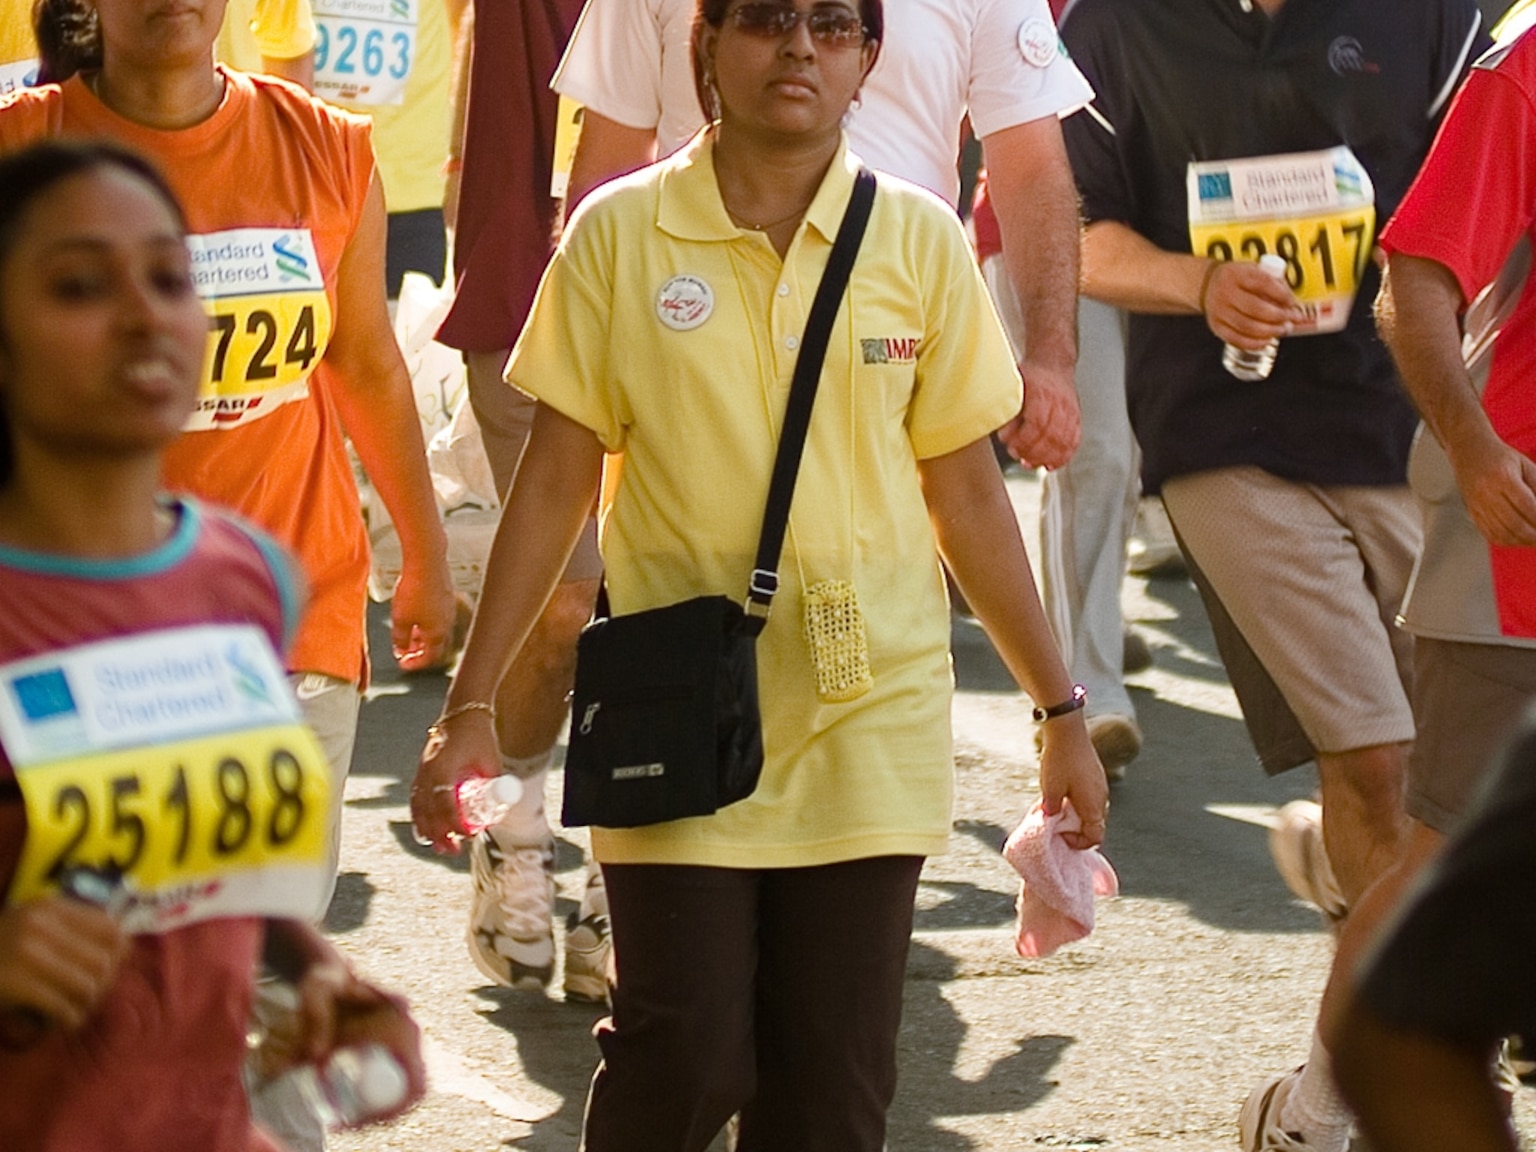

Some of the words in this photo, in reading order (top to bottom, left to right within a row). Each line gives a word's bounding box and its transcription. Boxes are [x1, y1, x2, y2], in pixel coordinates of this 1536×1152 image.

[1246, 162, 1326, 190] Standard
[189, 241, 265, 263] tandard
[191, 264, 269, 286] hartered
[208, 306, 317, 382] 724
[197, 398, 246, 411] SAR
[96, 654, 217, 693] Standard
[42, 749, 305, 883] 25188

•••

* [What needs to be done]
Whenever you reach a picture, pass over it; print all the other material exactly.

* [The answer]
Some of the words in this photo, in reading order (top to bottom, left to right within a row). Each line gives a word's bounding box and its transcription. Boxes are [x1, y1, x2, y2], in pixel coordinates of this 1536×1152 image.

[1246, 162, 1326, 190] Standard
[189, 241, 265, 263] tandard
[191, 264, 269, 286] hartered
[208, 306, 317, 382] 724
[197, 398, 246, 411] SAR
[96, 654, 217, 693] Standard
[42, 749, 305, 883] 25188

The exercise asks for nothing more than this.